Examples: carbonated drinks; sweet or savoury packaged snacks; ice cream, chocolate, candies (confectionery); mass-produced packaged breads, buns, cookies (biscuits), pastries, cakes and cake mixes; breakfast ‘cereals’, ‘cereal’ and ‘energy’ bars; margarines and spreads; processed cheese; ‘energy’ drinks; sugared milk drinks, sugared ‘fruit’ yoghurts and ‘fruit’ drinks; sugared cocoa drinks; meat and chicken extracts and ‘instant’ sauces; infant formulas, follow-on milks and other baby products (which may include expensive ingredients); ‘health’ and ‘slimming’ products such as powdered or ‘fortified’ meal and dish substitutes; and many ready-to-heat products including pre-prepared pies and pasta and pizza dishes; poultry and fish ‘nuggets’ and ‘sticks’; sausages, burgers, hot dogs and other reconstituted meat products; and powdered and packaged ‘instant’ soups, noodles and desserts.

Are you lost? I get it, it’s a lot to wrap your head around, which is partially why there is so much confusion around UPFs.

Here’s a (grossly oversimplified) crib sheet to help you understand the broad categories:

Group 1 Unprocessed or Minimally Processed Foods - raw ingredients like fruits, vegetables, meat, fish, eggs, and milk, herbs and spices in their ‘whole’ form or ‘minimally processed’ (i.e. turning wheat into flour).
Group 2 Processed Culinary Ingredients - ingredients derived from group 1 you’d use at home in cooking like sugar, butter, oils, salt, and honey.
Group 3 Processed Foods - basically group 1 + group 2 foods combined together - anything you cook yourself at home or eat in a restaurant is a processed food.
Group 4 Ultra Processed Foods - you can think of these as virtually any food made in a factory that is packaged but that isn’t a processed culinary ingredient.

Historically in nutritional science, we have focussed on individual nutrients - back in the day it made sense to isolate vitamins and minerals and learn that a deficiency of vitamin C leads to scurvy, and too little vitamin D causes rickets.

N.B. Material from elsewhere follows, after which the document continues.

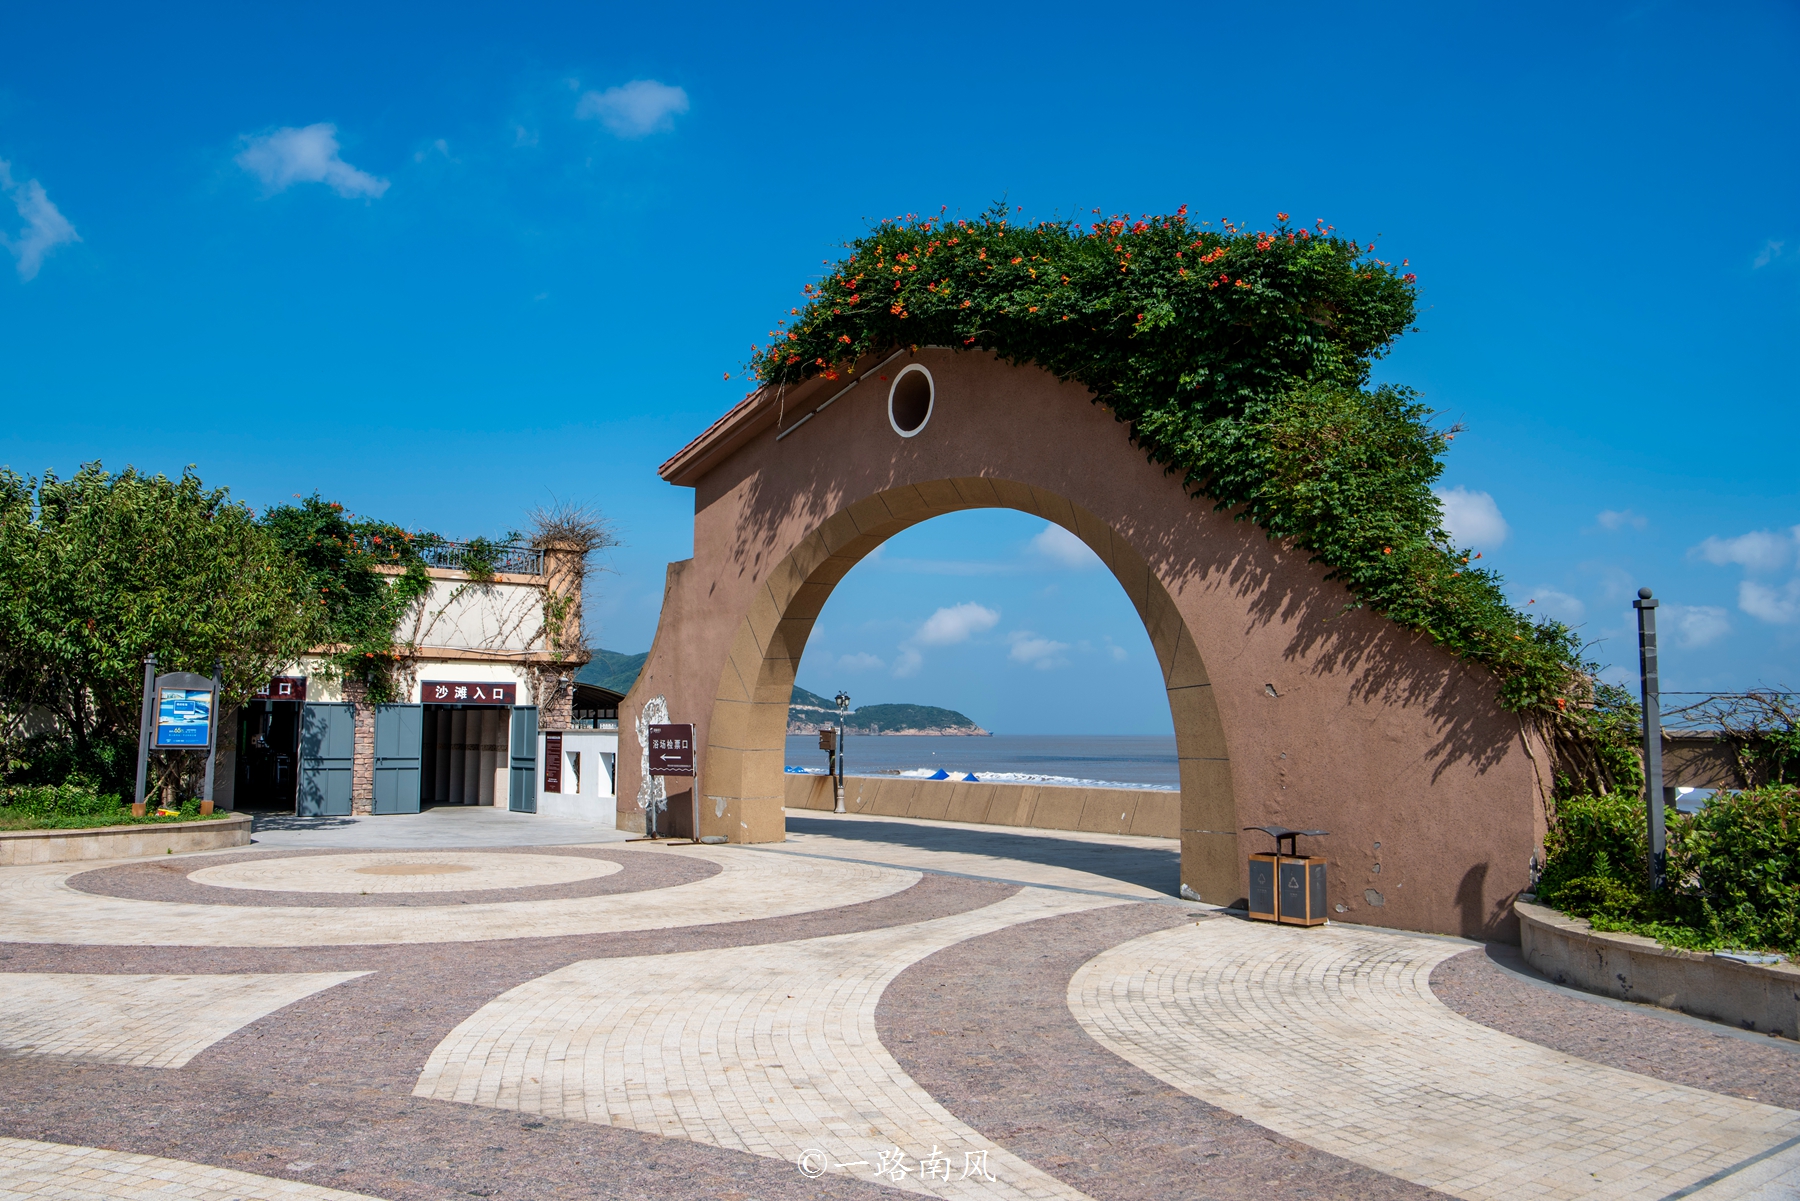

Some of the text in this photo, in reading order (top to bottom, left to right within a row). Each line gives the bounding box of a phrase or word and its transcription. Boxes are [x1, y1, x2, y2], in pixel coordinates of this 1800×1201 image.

[435, 685, 504, 700] 沙滩入口
[652, 739, 689, 750] 浴场检票口

But as nutritional science has evolved, we have learned that focussing on individual nutrients is isn’t always helpful because people don’t eat nutrients, they eat food. And a myopic focus on individual nutrients can cause fear and anxiety - remember when everyone thought eggs were ‘bad’ because they contained cholesterol? When we reduce food down to its constituent parts, we lose sight of the infinite complex reactions and interactions that happen, including those that can’t easily be measured or captured by science. This is a phenomenon known as nutritional reductionism, or nutritionism.

While it’s still important to understand the role of different nutrients (especially in the case of deficiency), nutrition science has (broadly speaking) evolved past the nutrient, and even the food level and seeks to understand dietary patterns. On the whole, is the diet of an individual or a population varied, balanced, and nutritionally complete? And how do particular dietary patterns relate to wellbeing or disease?

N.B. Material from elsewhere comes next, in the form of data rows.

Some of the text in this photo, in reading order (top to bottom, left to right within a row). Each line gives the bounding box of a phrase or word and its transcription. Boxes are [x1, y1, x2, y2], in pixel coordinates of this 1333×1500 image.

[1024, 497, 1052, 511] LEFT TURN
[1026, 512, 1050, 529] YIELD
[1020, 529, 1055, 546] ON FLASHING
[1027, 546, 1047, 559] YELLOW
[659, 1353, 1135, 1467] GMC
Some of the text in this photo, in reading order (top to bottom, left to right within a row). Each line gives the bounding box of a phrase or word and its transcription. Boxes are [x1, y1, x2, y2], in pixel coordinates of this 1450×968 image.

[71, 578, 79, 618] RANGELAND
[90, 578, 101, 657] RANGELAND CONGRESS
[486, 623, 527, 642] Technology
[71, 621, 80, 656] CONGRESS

This is reflected in the dietary guidelines of the UK (and countries around the world) which are food rather than nutrient based - with the aim of nudging the overall pattern of foods in the diet. And no, I’m not arguing that these are perfect either - but they give us an overview of the scientific consensus of what prevents malnutrition and supports wellbeing (and yes, following these guidelines does seem to reduce disease risk). These vary according to economic, cultural, social, and environmental conditions of each country, as well as which foods are indigenous to those countries. There’s debate about the relative proportions of each food people should consume, but there’s a high level of agreement as to the broad categories: fruits, vegetables, cereals, legumes, nuts, milk and dairy products, meat and derivatives, fish, eggs, water, and oil. And let’s be clear here - most of us already intuitively understand that subsisting entirely on Giant Wotsits isn’t a good move health-wise - it’s not really something we need dietary guidelines to tell us.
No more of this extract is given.